La línea celular de cáncer de mama humano MDA-MB231 (MB231) se obtuvo de la American Type Culture Collection (ATCC, Manassas, VA) y se cultivó en RPM1-1640 (Invitrogen) complementado con suero fetal bovino al 10 % (FBS; Invitrogen, Waltham, MA) a 37 °C en una atmósfera humidificada de 5% de CO2 en el aire. Las células se privaron de suero durante la noche antes de la experimentación. Según los ensayos posteriores, las células se incubaron durante 12, 24 o 48 h con la adición de ddH2O (control), IFNγ 100 U/mL (285-IF/CF, R&D Systems, Minneapolis, MN), IL1β 10 ng /mL (201-LB/CF, R&D Systems), TNFα 10 ng/mL (210-TA/CF, R&D Systems), IL17A 10 ng/mL (7955-IL-CF, R&D Systems), lipopolisacárido (LPS, Sigma , St. Louis, MO) 10 mg/ml (L2630, Sigma), LNAME 500 mM (N5751, Sigma, St. Louis, MO) y/o indometacina 100 μM (I7378, Sigma, St. Louis, MO).

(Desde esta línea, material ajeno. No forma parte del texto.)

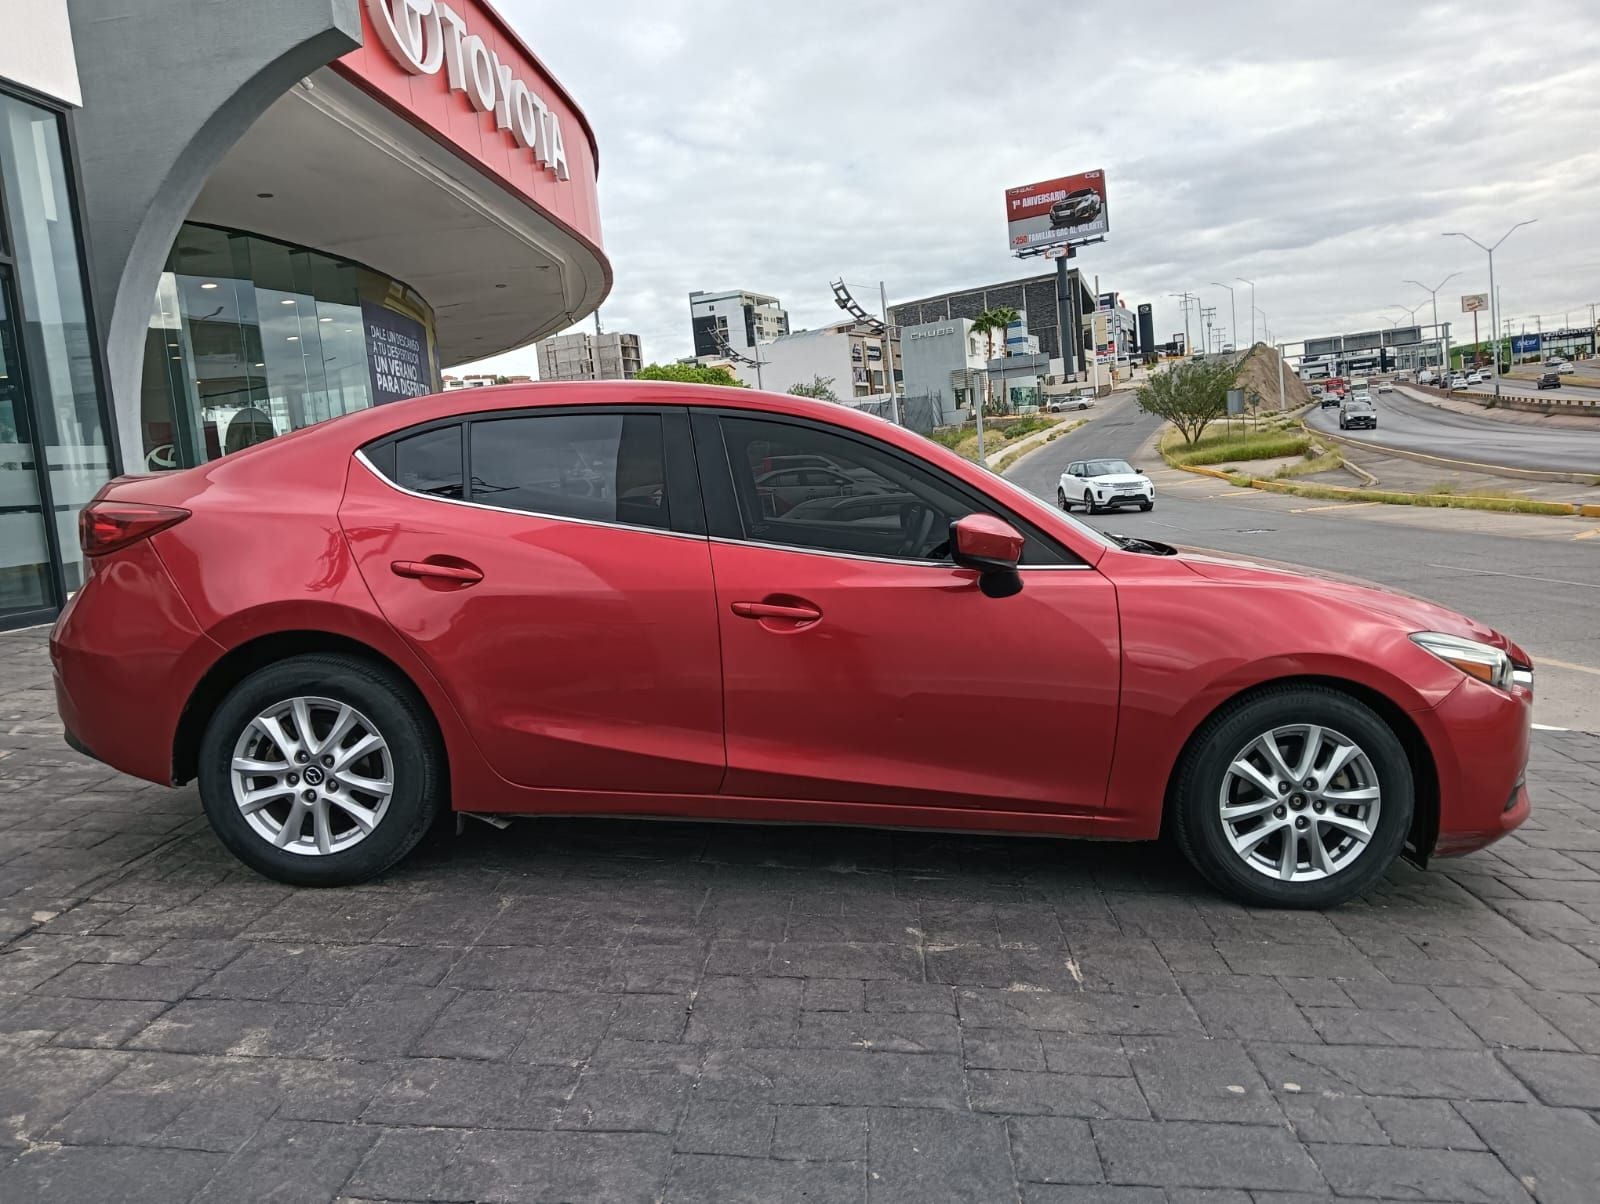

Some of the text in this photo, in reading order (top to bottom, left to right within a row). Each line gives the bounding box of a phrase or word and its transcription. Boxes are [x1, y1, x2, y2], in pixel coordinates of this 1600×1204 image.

Se sembraron un millón de células en una placa de 60 mm y se permitió que alcanzaran el 100 % de confluencia. Se usó una punta de pipeta de 200 μl para grabar una línea de rascado recta a través de la monocapa confluente. Las células flotantes y muertas se eliminaron lavando las placas en PBS 1X y luego se añadió medio completo. Se utilizó un microscopio invertido con objetivo 10x (EVOS, Life Technologies, Carlsbad, CA) para tomar imágenes a las 0, 4, 8 y 12 h. El software de código abierto ImageJ midió el ritmo al que se rellenan los espacios vacíos (versión 1.53 u) [40].
Se utilizó un ensayo de invasión celular (cat# ab235697) en formato de placa de 96 pocillos de Abcam (Waltham, MA). Después de la sincronización celular, se administró un medio completo a la cámara inferior como atrayente y se sembraron 50.000 células en la cámara superior con inhibidores de citocinas ± durante 48 h. Las células fluorescentes migradas se contaron a Ex/EM = 530/590 nm en un lector de placas SpectraMax i3x (Molecular Devices, San Jose, CA) y se compararon con una curva estándar hecha a partir de la misma línea celular.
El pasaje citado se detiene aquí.